Raymond "Ray" Wilson (born 12 March 1947 in Merton, Surrey, England) is a former international speedway rider who was World Pairs Champion in 1972 and British Speedway Champion in 1973, was also England Team Captain for five years in the early 1970s. He was the first Englishman to record a maximum score in a World Team Cup Final. His father Ron Wilson, was also a speedway rider for Leicester and Oxford in the early 1950s.

Domestic career 
Wilson competed in cycle speedway for Leicester Monarchs before following his father into a career in motorcycle speedway. He first rode at Leicester Stadium in 1962 after a league meeting and after occasional visits to the training track at Rye House and further second-half rides at Long Eaton in 1963, made his competitive debut in 1963 for Long Eaton Archers, coming in as an emergency replacement against Stoke Potters. He was included in the Archers team in 1964, although the season was interrupted by a broken leg. In 1965, he rode with the Archers in the new British League, and in 1966 he rode in every league match for the Archers, finishing the season with an average of 8.6. He then raced in Australia over the Winter and in 1967 his performances improved again, averaging 10.36 per match. He also reached the British Final, scoring ten points and qualifying for the World Final, where he finished in eighth place.

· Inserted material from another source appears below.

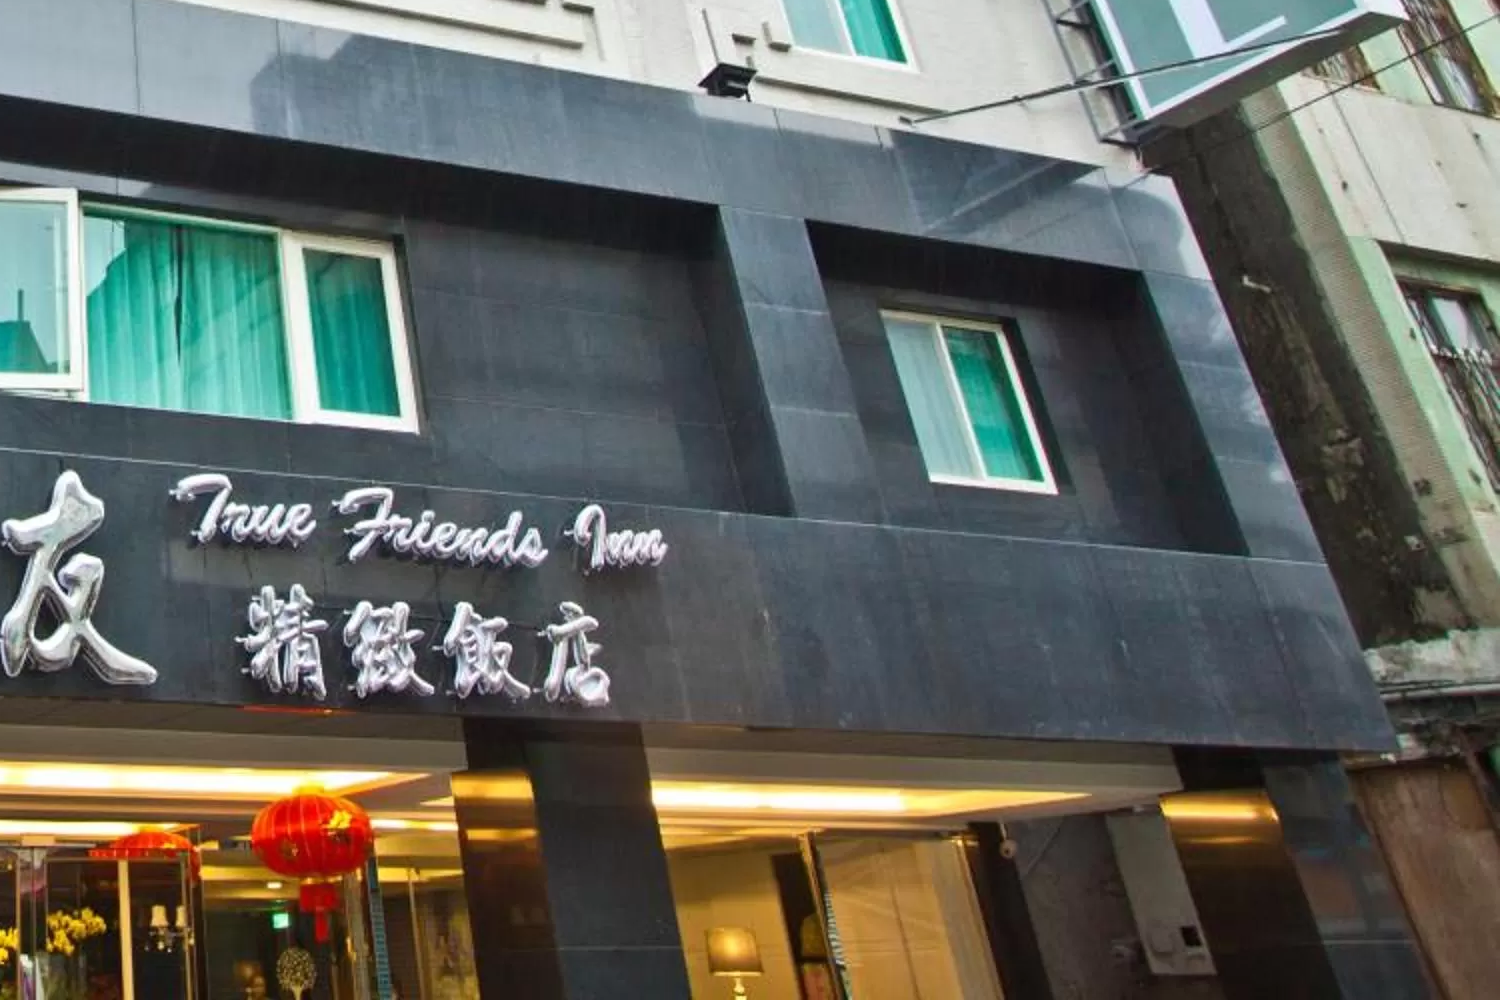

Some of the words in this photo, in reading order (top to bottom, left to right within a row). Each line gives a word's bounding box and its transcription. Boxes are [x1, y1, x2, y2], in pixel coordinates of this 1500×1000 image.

He followed the Long Eaton promotion when they moved to Leicester to open the Leicester Lions. He stayed with the Lions for nine seasons, scoring over four thousand points (including bonus points). For the final three seasons of his career he joined the Birmingham Brummies.

Outside speedway, Wilson ran his own haulage company.

He is currently enjoying the role of Ambassador to his home town team, Leicester.

International career
Wilson first rode for England in 1966 against Scotland, and in 1967 rode in test matches against Sweden and Poland. He was part of England's line-up for the 1967 World Team Cup, becoming the youngest Englishman to feature in a World Team Cup final at aged twenty,  and was part of the England team that toured Australia in 1967/8.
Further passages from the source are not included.